Wow! It dramatically turned into summer this week and we found ourselves looking for the shade of a tree. With the celebration of wildflower week fresh on our minds, why not turn to our native trees to provide shade for your home and outdoor living spaces.
Late May and early June finds catalpa in its flowering glory – there’s just nothing else like the big showy flowers of this native gem. Relatively fast growing, tolerant of poor soil conditions and a target of very few insect or disease problems, Catalpa is a great choice for a sustainable environment.
This native great comes to mind when the phrase “sculptural element” is mentioned. The gnarly growth with great winter character will grow in tough conditions. We love the big brown seed pods that hang like decorations through the winter, but for those who don’t there’s a seedless selection called Espresso.
Hackberry is the tree found surviving for decades in parklands, cemeteries and abandoned farmsteads. It is tough and provides great shade along with a biology lesson on how leaves are part of an insect’s lifecycle (google nipple gall for details on this lesson). No harm, no foul, just a demonstration on how we can all live together in this world.
“Majestic tree” – that’s the best way to describe red oak. Well adapted, and faster growing than the impression that most people have, red oak will provide decades of shade and beauty for your home.
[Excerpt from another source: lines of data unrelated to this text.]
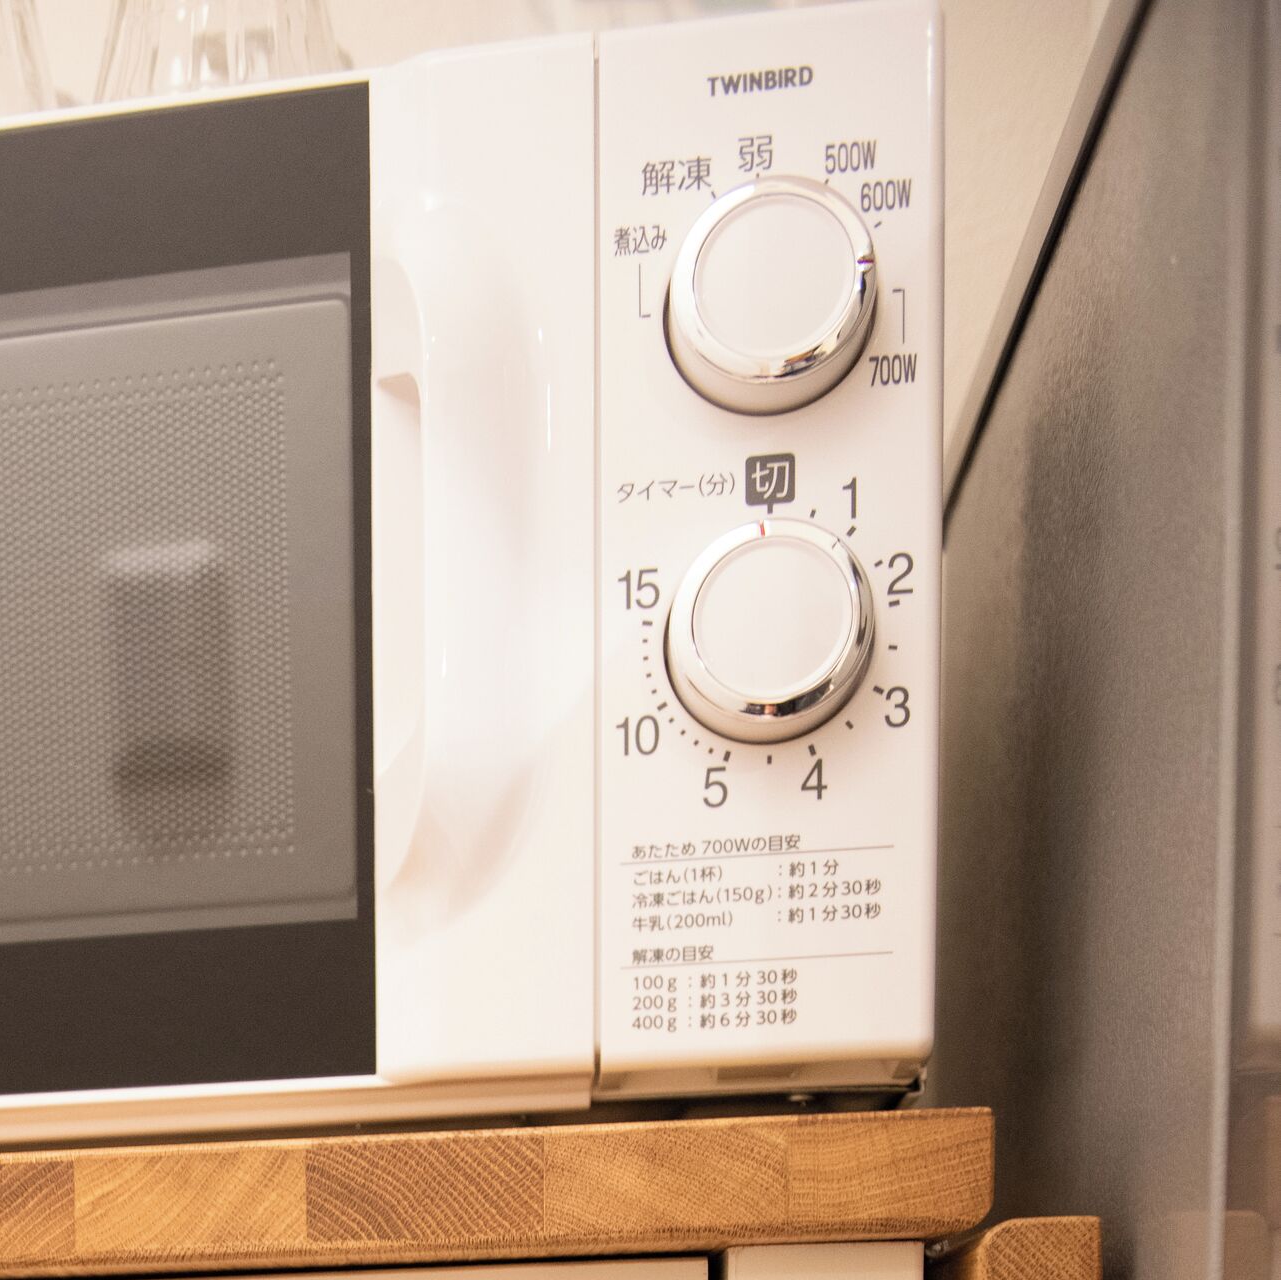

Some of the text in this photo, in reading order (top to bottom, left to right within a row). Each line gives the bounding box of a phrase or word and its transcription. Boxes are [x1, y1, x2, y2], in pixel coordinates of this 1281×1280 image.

[707, 66, 813, 97] TWINBIRD
[738, 135, 773, 172] 弱
[825, 140, 876, 174] 500W
[641, 156, 712, 196] 解凍
[861, 179, 912, 212] 600W
[614, 225, 667, 256] 煮込み
[869, 354, 917, 387] 700W
[751, 461, 789, 499] 切
[842, 477, 858, 519] 1
[617, 568, 661, 610] 15
[887, 552, 914, 596] 2
[884, 687, 911, 728] 3
[616, 715, 660, 757] 10
[703, 766, 728, 808] 5
[801, 758, 828, 800] 4
[632, 945, 714, 964] 解凍の目安
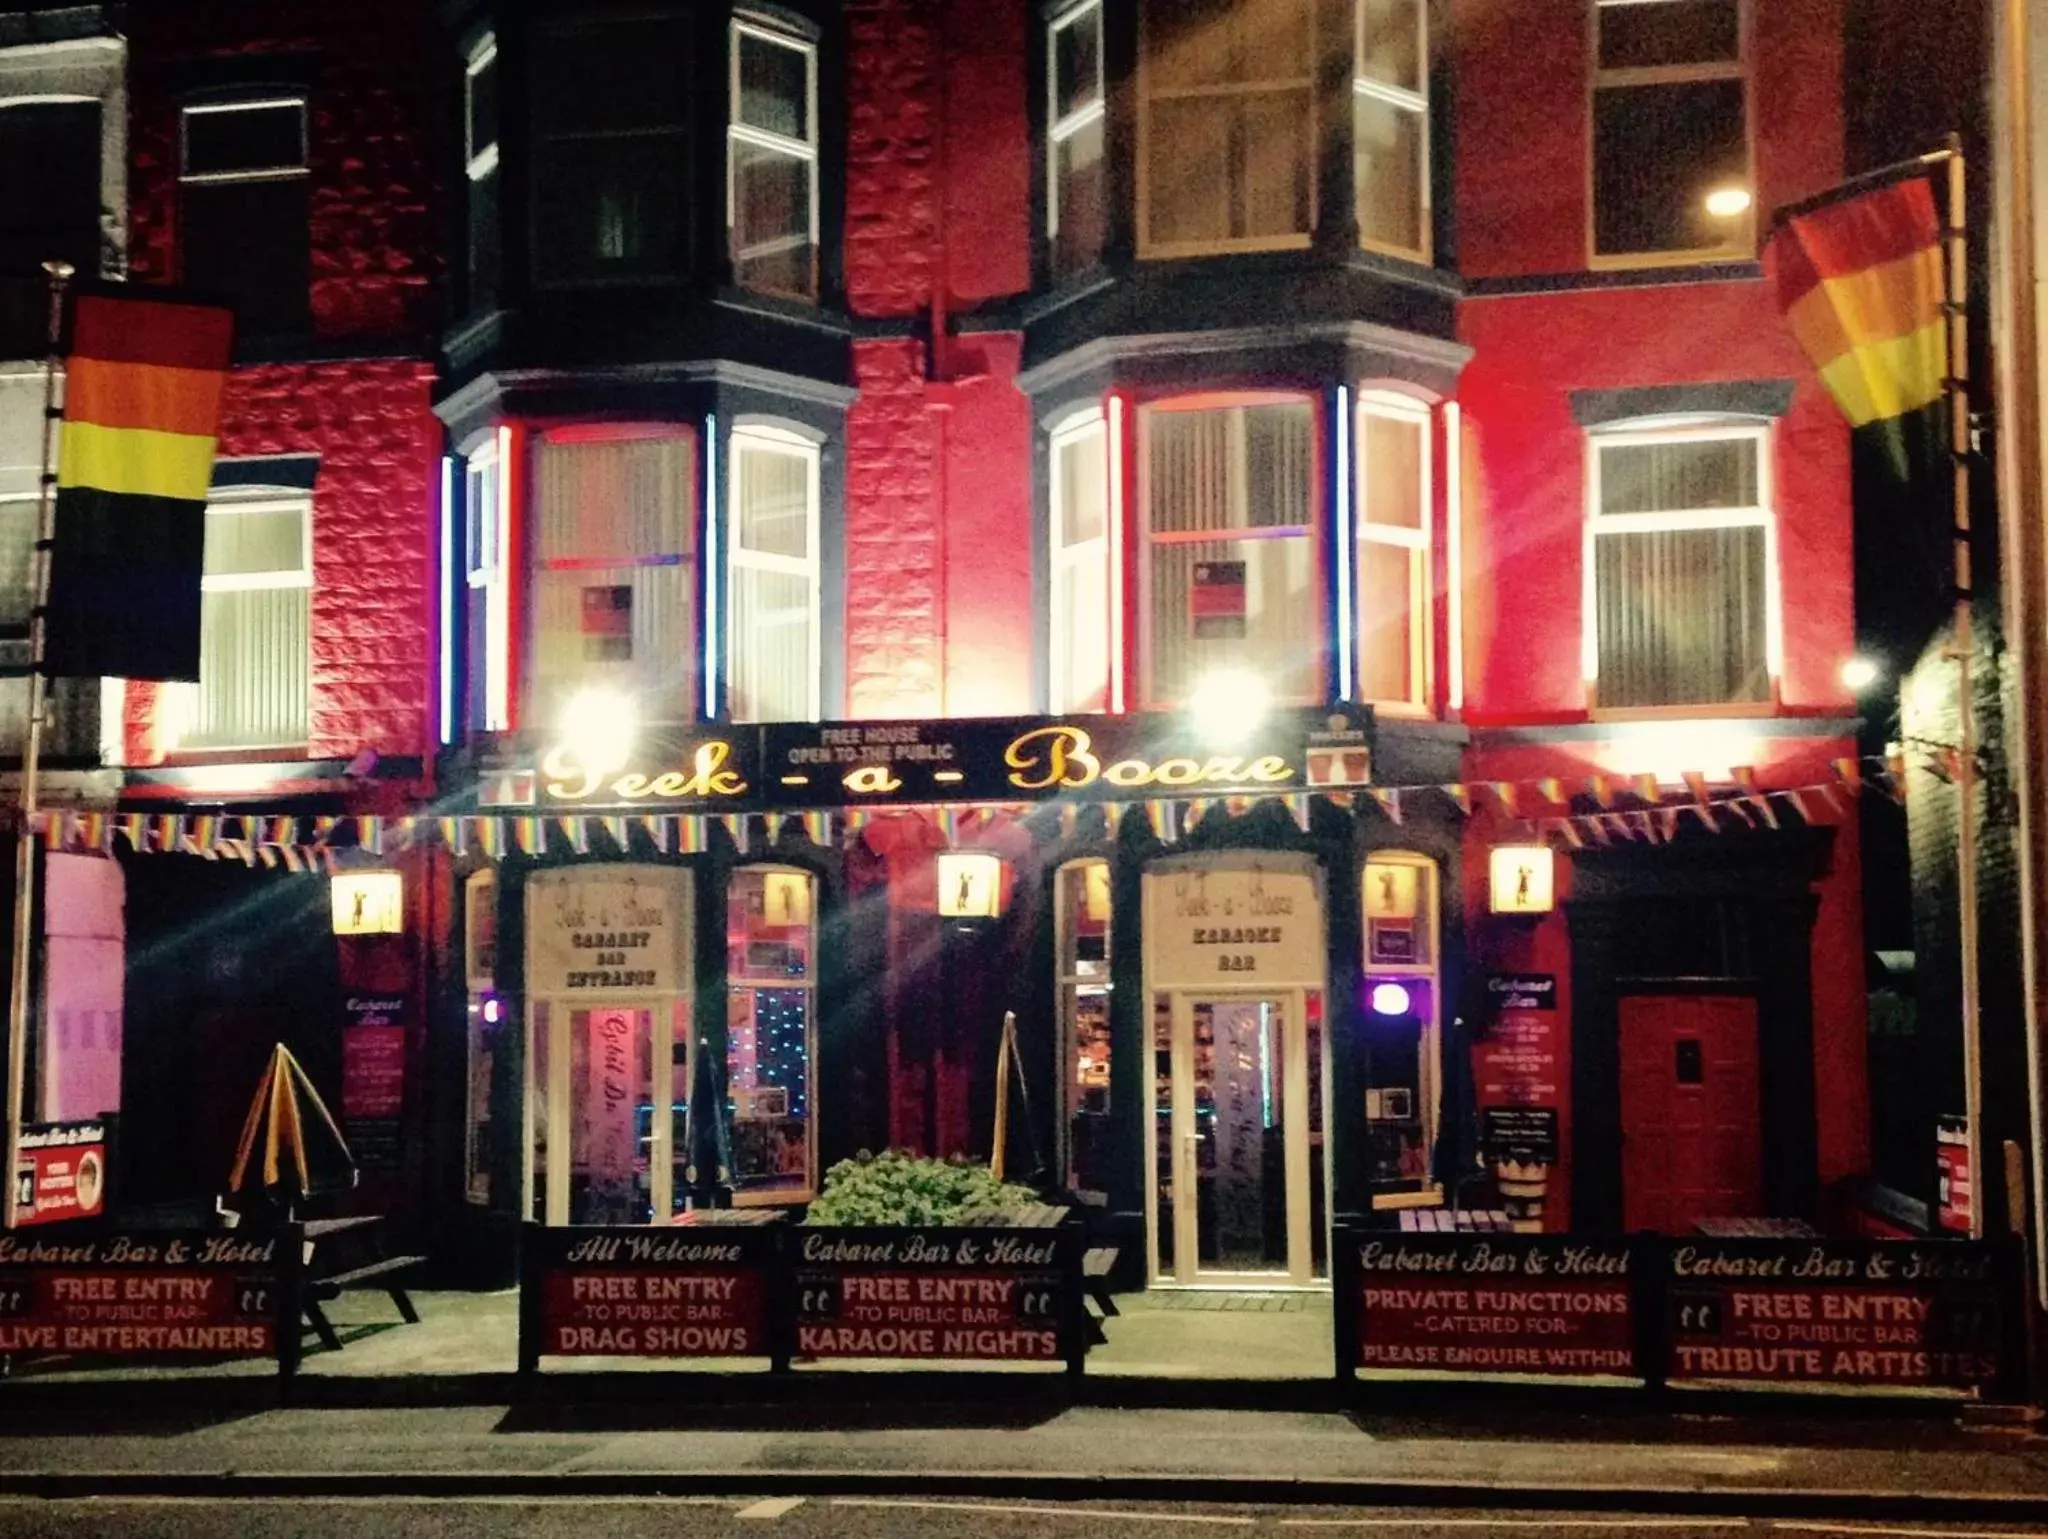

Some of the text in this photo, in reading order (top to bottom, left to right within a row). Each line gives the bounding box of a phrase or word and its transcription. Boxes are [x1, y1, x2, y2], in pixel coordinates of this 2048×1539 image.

For those who aren’t fortunate enough to have the black walnut planted by squirrels, we now offer it for sale. Rugged and long lived, black walnut is a landscape tree that should be placed away from ornamental plantings that might be impacted by the Juglone exuded by the roots that interferes with growth of surrounding plants. For anyone who loves the flavor of the UNL Dairy Store ice cream flavor “black walnut fudge,” this is a tree to consider growing for decades of tasty harvests.